Free-text object descriptions:
=-=-=-=-=

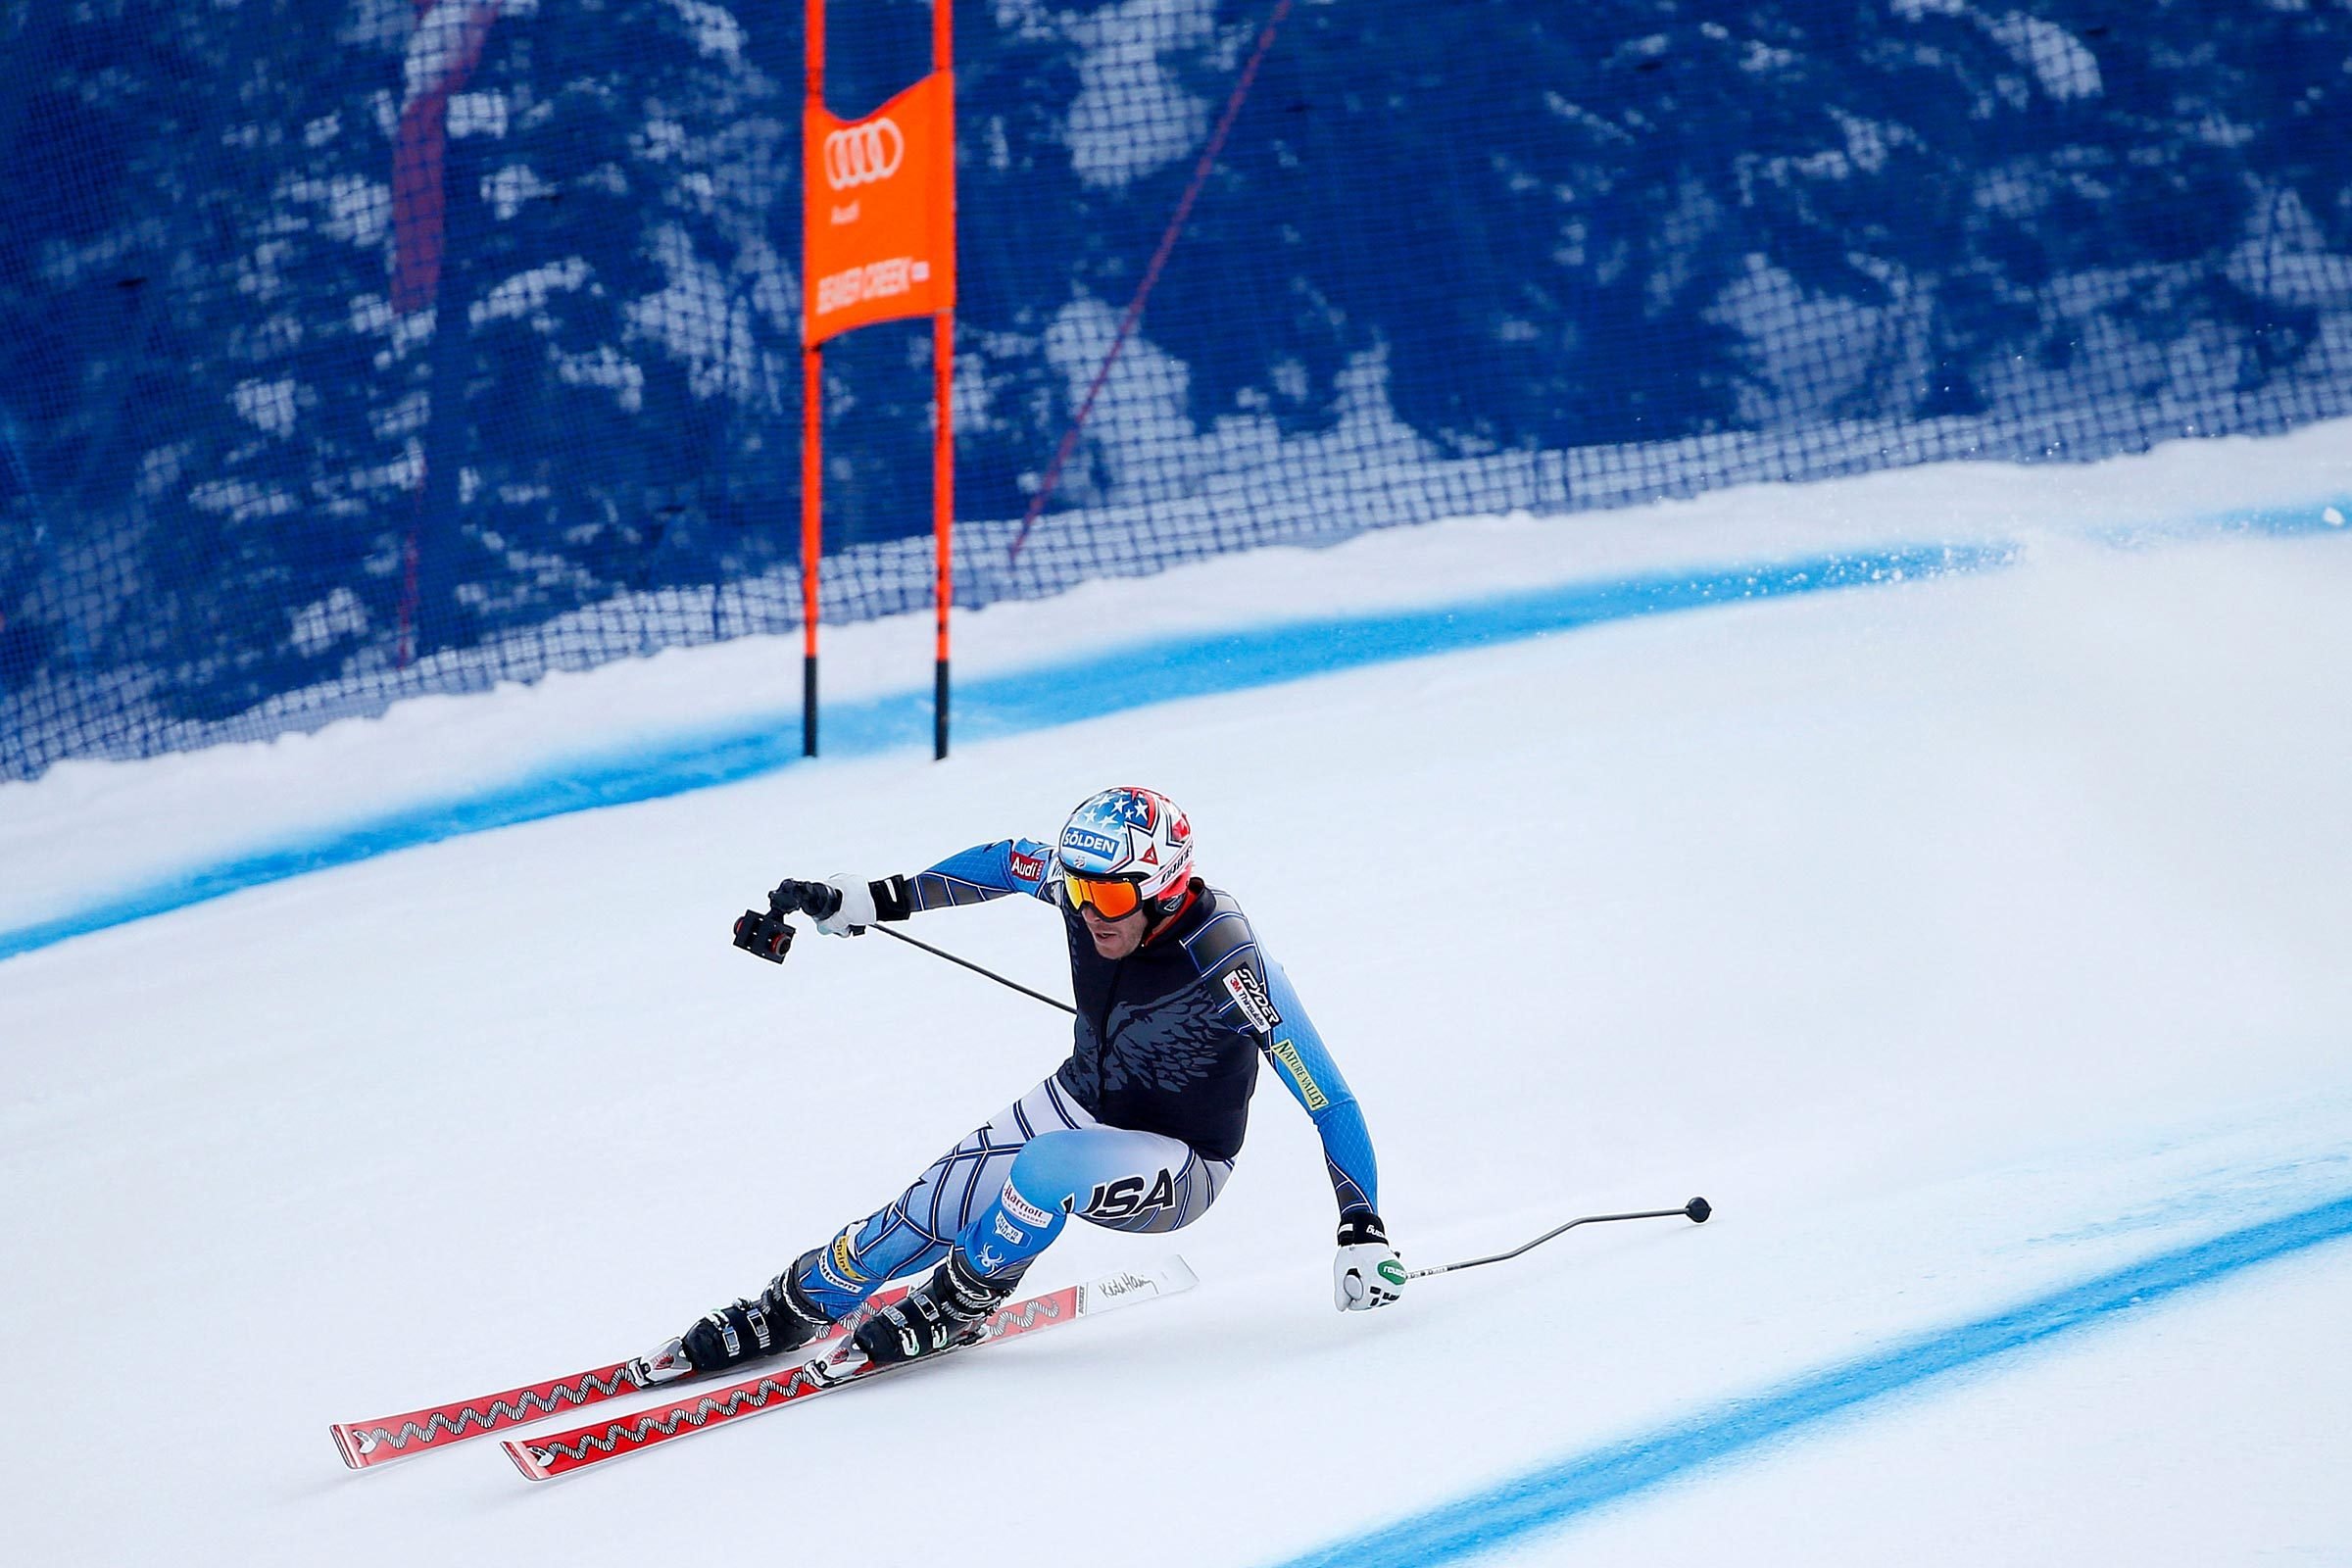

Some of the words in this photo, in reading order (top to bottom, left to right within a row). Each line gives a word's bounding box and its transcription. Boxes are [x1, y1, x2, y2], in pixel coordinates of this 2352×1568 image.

[1063, 828, 1115, 855] SÖLDEN
[1011, 857, 1039, 878] Audi
[1230, 977, 1243, 993] 3M
[1237, 968, 1280, 1023] SPYDER
[1274, 1041, 1305, 1077] NATURE
[1301, 1074, 1328, 1109] VALLEY
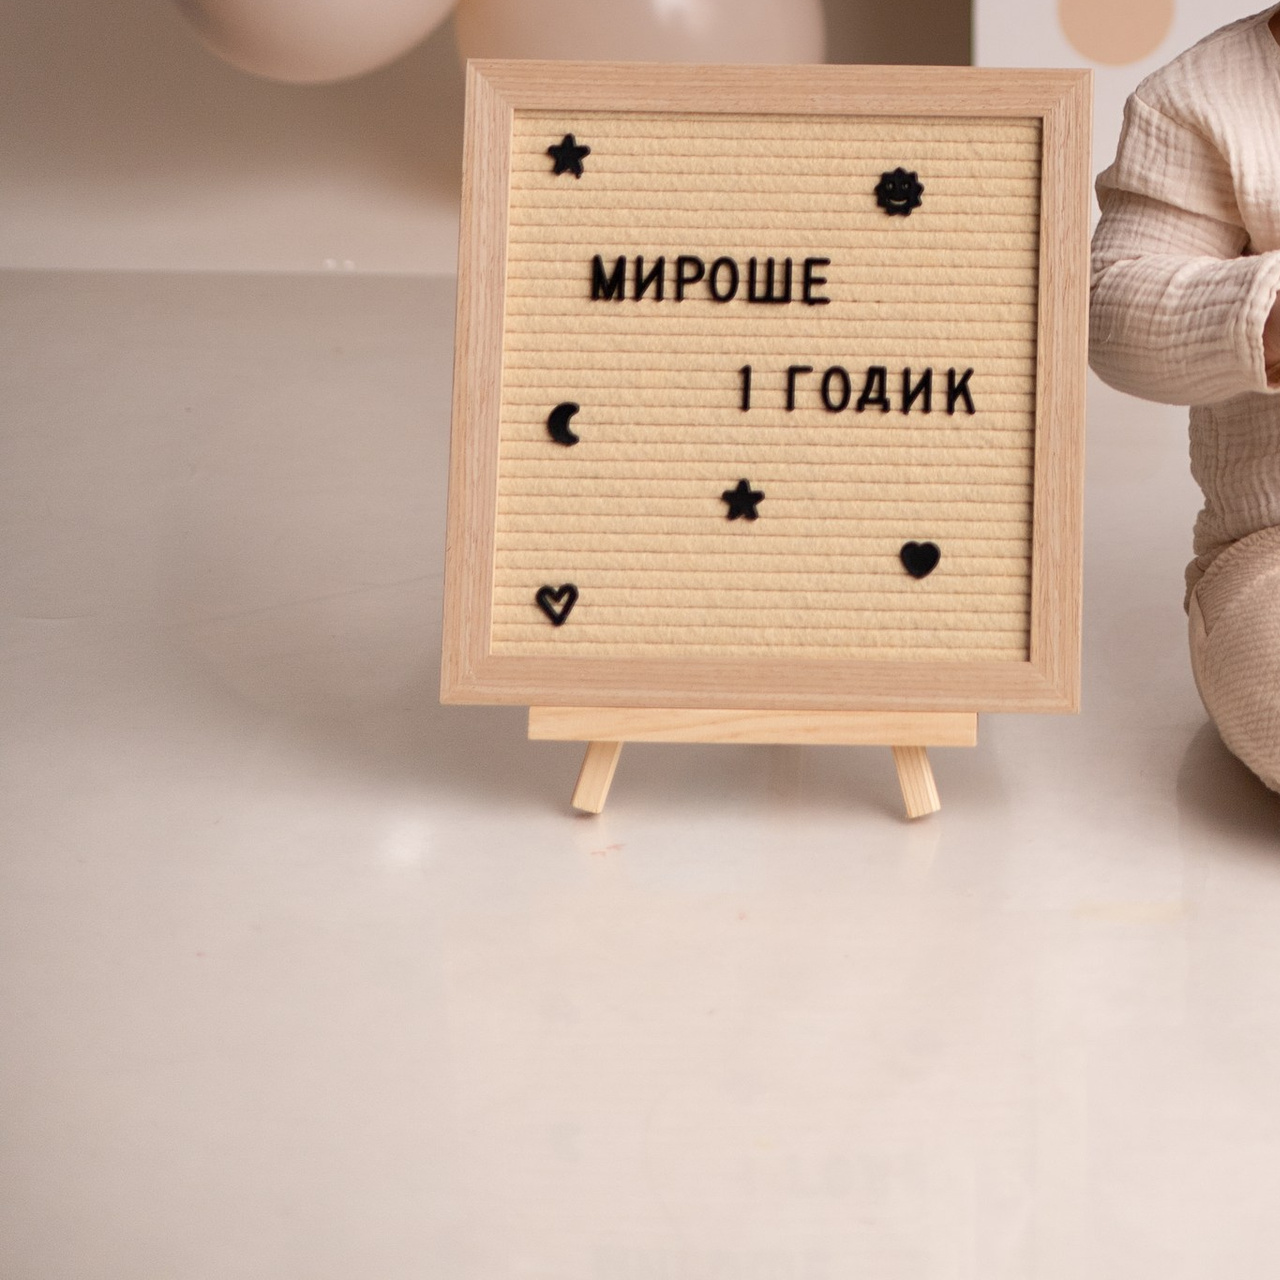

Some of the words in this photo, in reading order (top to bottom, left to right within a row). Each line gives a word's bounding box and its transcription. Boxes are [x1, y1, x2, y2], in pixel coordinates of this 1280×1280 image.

[588, 254, 832, 306] МИРОШЕ
[738, 364, 753, 413] 1
[784, 365, 977, 416] ГОДИК
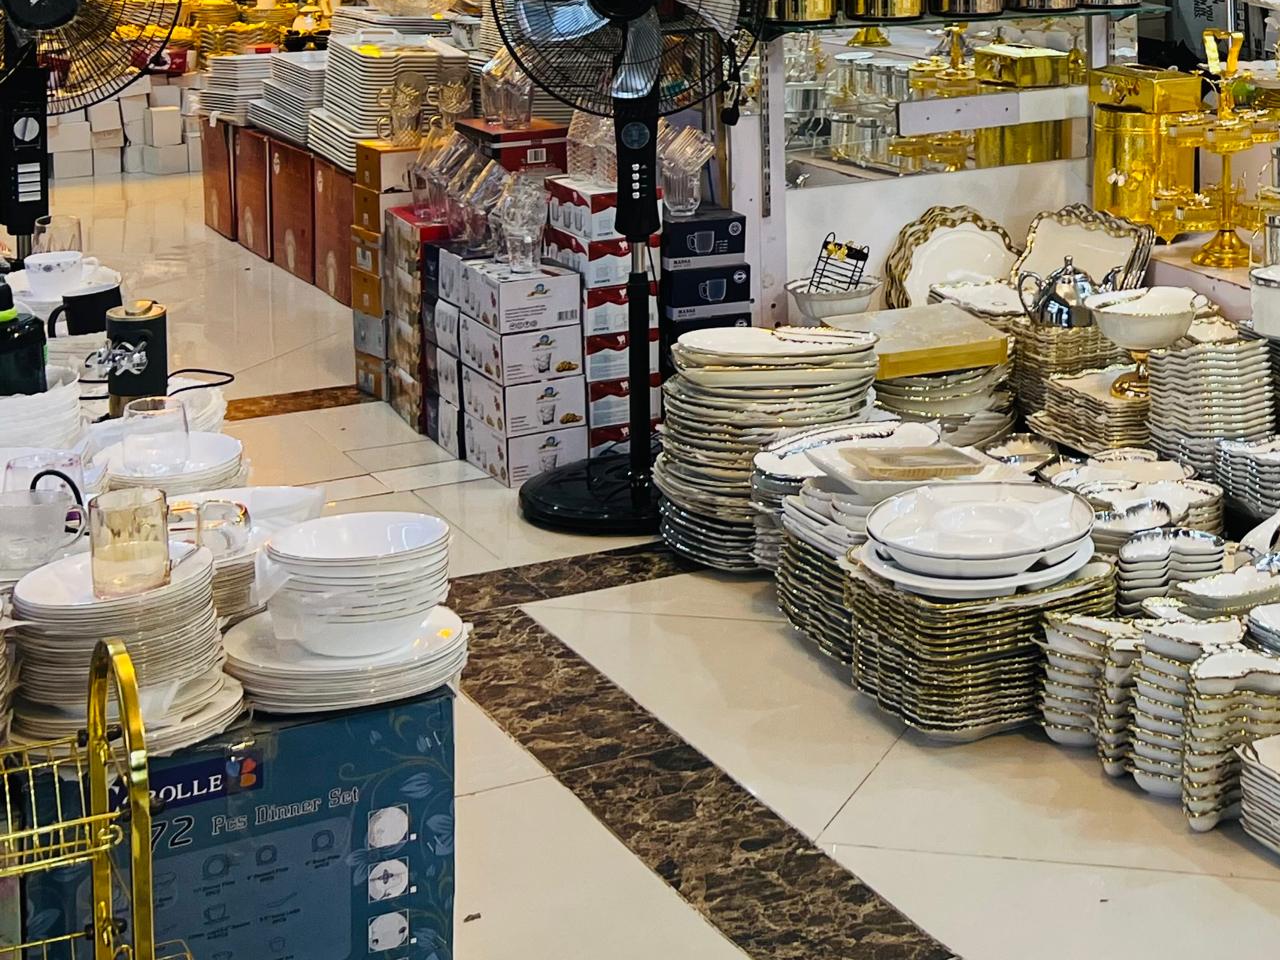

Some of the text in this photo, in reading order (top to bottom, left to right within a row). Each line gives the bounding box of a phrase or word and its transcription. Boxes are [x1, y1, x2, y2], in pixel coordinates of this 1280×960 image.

[151, 786, 360, 853] 72 Pcs Dinner Set
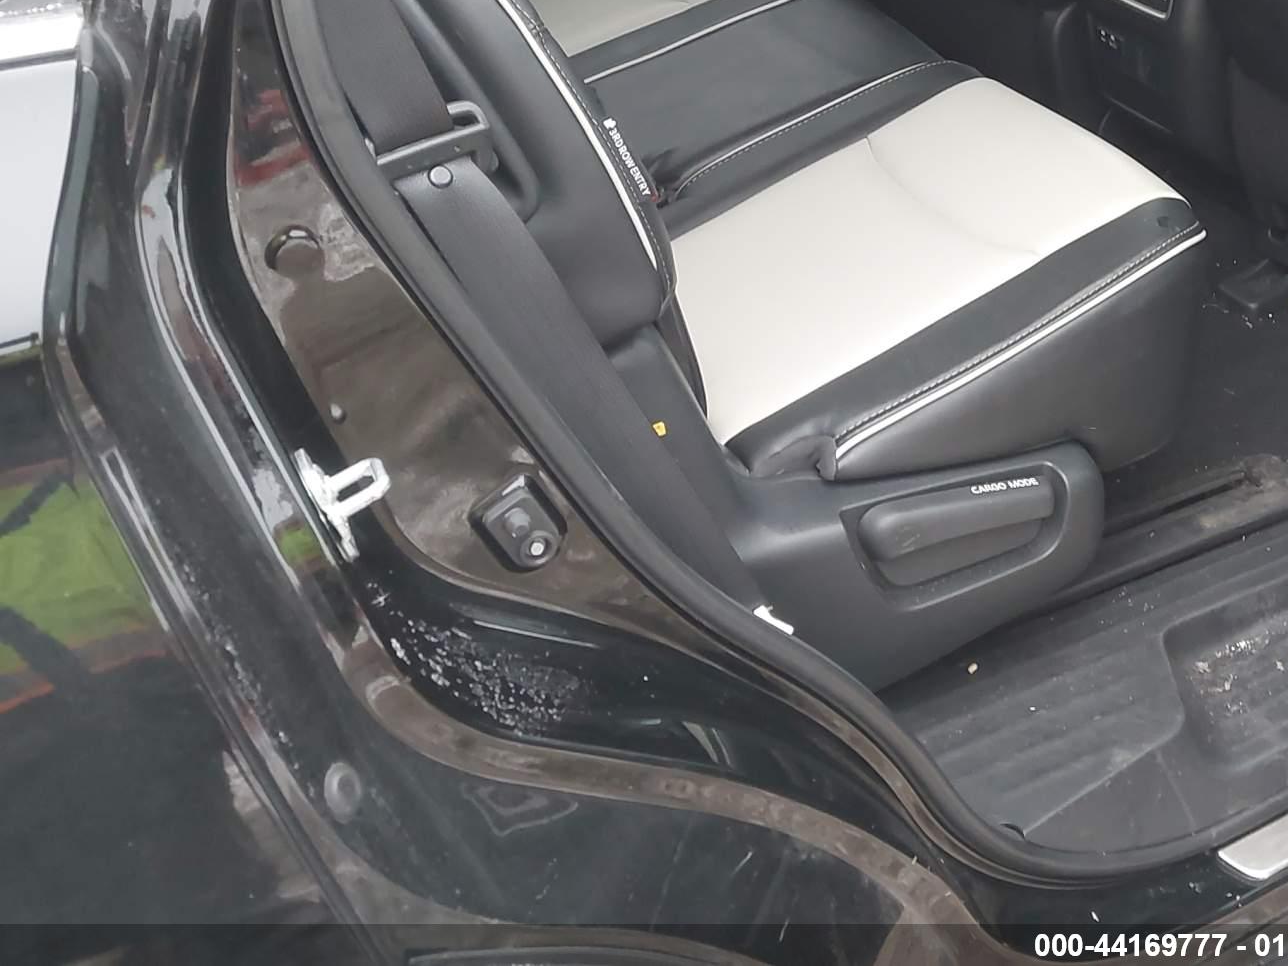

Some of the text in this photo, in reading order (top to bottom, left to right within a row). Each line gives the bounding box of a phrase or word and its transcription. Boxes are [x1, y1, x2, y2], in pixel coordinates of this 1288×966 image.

=-=-=-=-=

■ Assigned task
Each entry above should be reproduced exactly, with the pictures removed.

■ Exercise response
Some of the words in this photo, in reading order (top to bottom, left to right within a row). Each line gives a word's bounding box and its transcription. Boxes are [x1, y1, x2, y2], in pixel coordinates of this 2352×1568 image.

[1063, 828, 1115, 855] SÖLDEN
[1011, 857, 1039, 878] Audi
[1230, 977, 1243, 993] 3M
[1237, 968, 1280, 1023] SPYDER
[1274, 1041, 1305, 1077] NATURE
[1301, 1074, 1328, 1109] VALLEY

Some of the words in this photo, in reading order (top to bottom, left to right within a row). Each line gives a word's bounding box and its transcription. Boxes are [x1, y1, x2, y2], in pixel coordinates of this 1280×1280 image.

[588, 254, 832, 306] МИРОШЕ
[738, 364, 753, 413] 1
[784, 365, 977, 416] ГОДИК

Some of the text in this photo, in reading order (top to bottom, left to right within a row). Each line gives the bounding box of a phrase or word and its transcription. Boxes are [x1, y1, x2, y2], in pixel coordinates of this 1280×960 image.

[151, 786, 360, 853] 72 Pcs Dinner Set

Some of the text in this photo, in reading order (top to bottom, left to right within a row). Each line gives the bounding box of a phrase or word and its transcription. Boxes are [x1, y1, x2, y2], in pixel coordinates of this 1288×966 image.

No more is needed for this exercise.